I want you to know that I understand why you left, just as I hope you understand why I have to enlist despite your warnings. It’s just that I can’t sit here waiting for you to come back when I realize now that it’s never going to happen. I can’t spend day after day just waiting for the war to end, or waiting to be drafted, or waiting for some other girl to come along and make me forget you (because that sure isn’t going to happen). There are some things a fella just has to do in this life if he has an ounce of integrity in his blood. I do, and I’ve got no choice. If I come home, I’ll keep trying to find you every day for the rest of my life. And if I don’t come home… I’ll find you anyway, maybe more easily, from wherever I am.
I guess all that’s left to say is that I love you, Clara… only you. Forever. Don’t wait for me; just look for me. Live your life, and be happy, and fall in love and get married and have lots of babies. Just don’t ever stop looking for me, because someday I’ll be there, like I promised. Maybe not in the way either of us would have wanted, or in the way you’d expect. But you’ll know it’s me. I’ll make sure of it.
Yours always,
Jed
P.S. You left behind the mittens your grandmother made for you. I brought them to your address the day after you left—I don’t know, maybe I was somehow still thinking I was actually going to find you there. But of course I didn’t, so I gave them to Isamu for safekeeping. I told him that someday you were going to show up, and when you did, he needed to give you the package. He promised, no questions asked. What a swell kid!
A good long cry, Clara realizes, wiping her eyes on a lace-edged handkerchief that once belonged to her grandmother Irene, can be good for the soul.
Sitting on her bed clutching Jed’s letter after reading and rereading it repeatedly, surrounded by the contents of her suitcase and purse, she marvels at the musty smell. She just saw this stuff a few weeks ago… yet it’s been put away for sixty-five years.
A paradox she’ll never understand, perhaps not even with help from Mr. Kershaw, should she ever choose to share any of this with him.
Doris told her that her belongings were stored in a far corner of the Landrys’ attic, where they remained long after Lois Landry passed away in the 1960s.

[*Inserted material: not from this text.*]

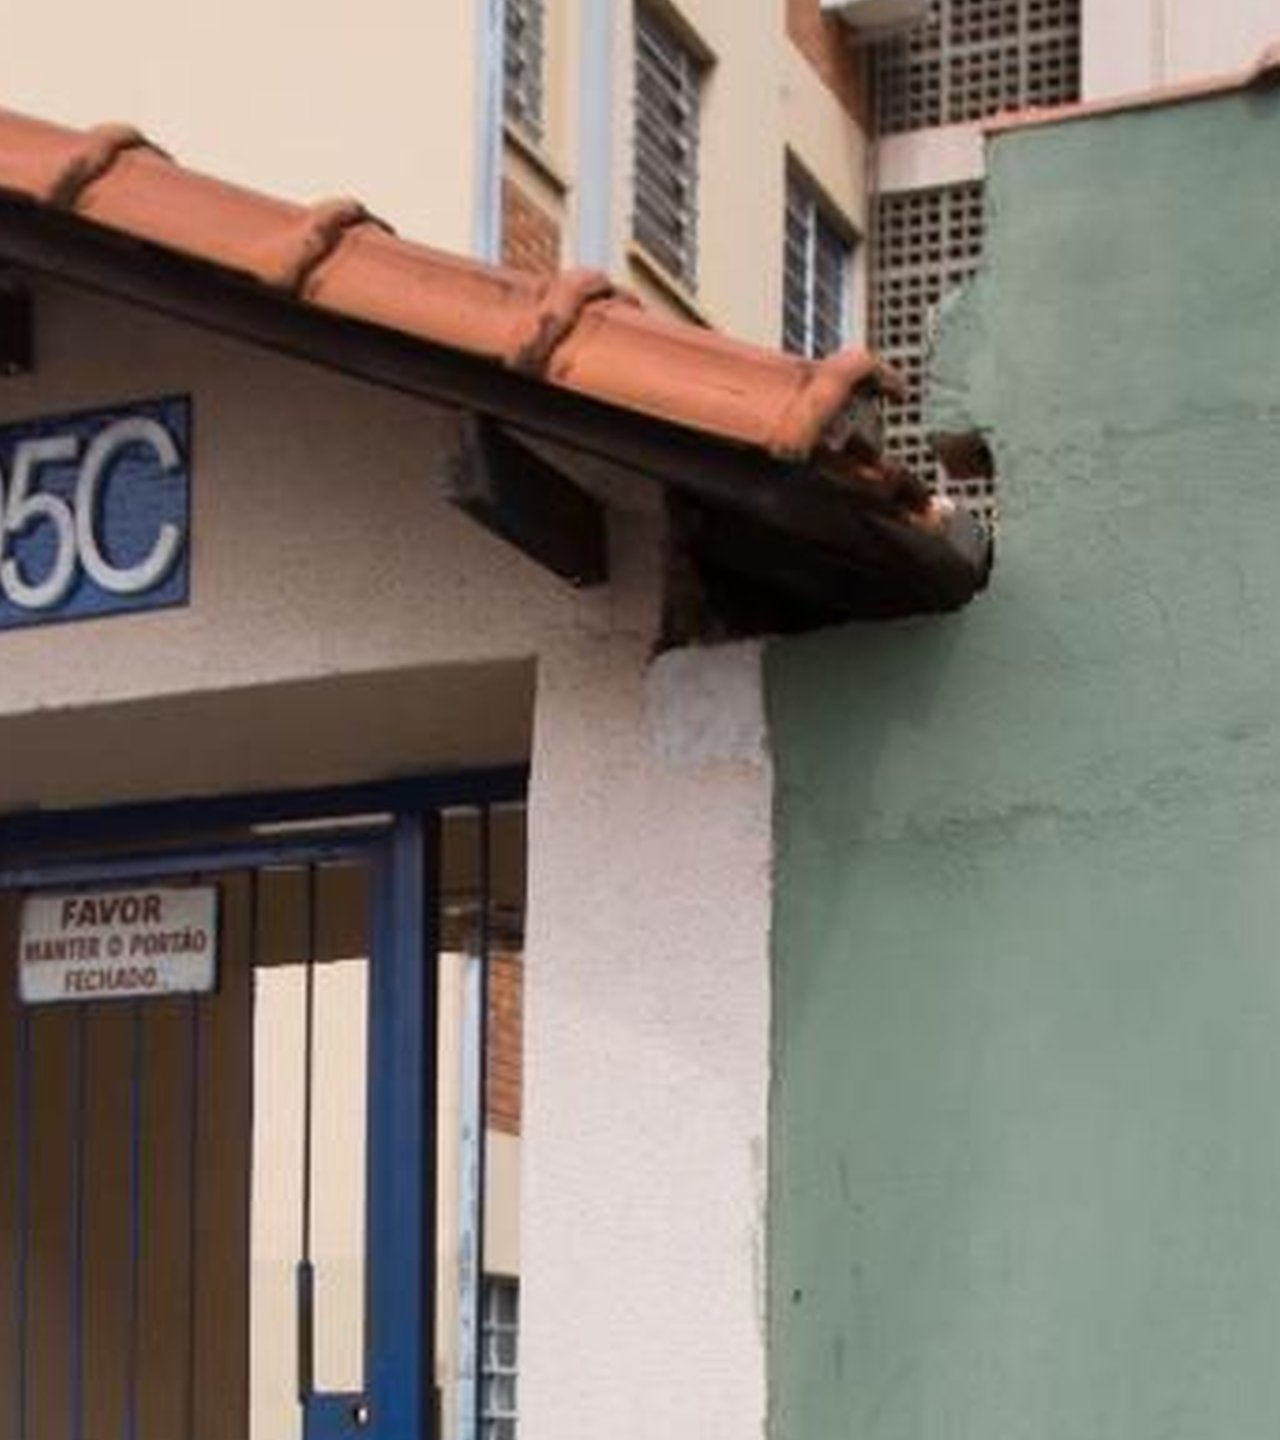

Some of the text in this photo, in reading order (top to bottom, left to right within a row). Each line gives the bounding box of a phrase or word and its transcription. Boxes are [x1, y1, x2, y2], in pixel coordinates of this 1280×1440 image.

Jed had left a package for Clara, too, along with the letter.
“It was a square box, kind of heavy, wrapped in Christmas paper. Do you know how many times over the years I was tempted to open it and see what was in it? But I’m afraid it must have eventually gotten mixed up with the stuff Gilbert sold to an antique dealer when he cleaned out the attic after Mother died, because I never saw it again after that. I’m so sorry.”
“It’s all right.” Suspecting what might have been in the package, Clara tried not to let her disappointment show. At least she has the mittens. And as much as she would have liked to have had the angel snow globe Jed wanted to give her that last day, she’ll have to be content with just the letter. And Jed’s words, she knows, will go a long way to sustain her through her grief.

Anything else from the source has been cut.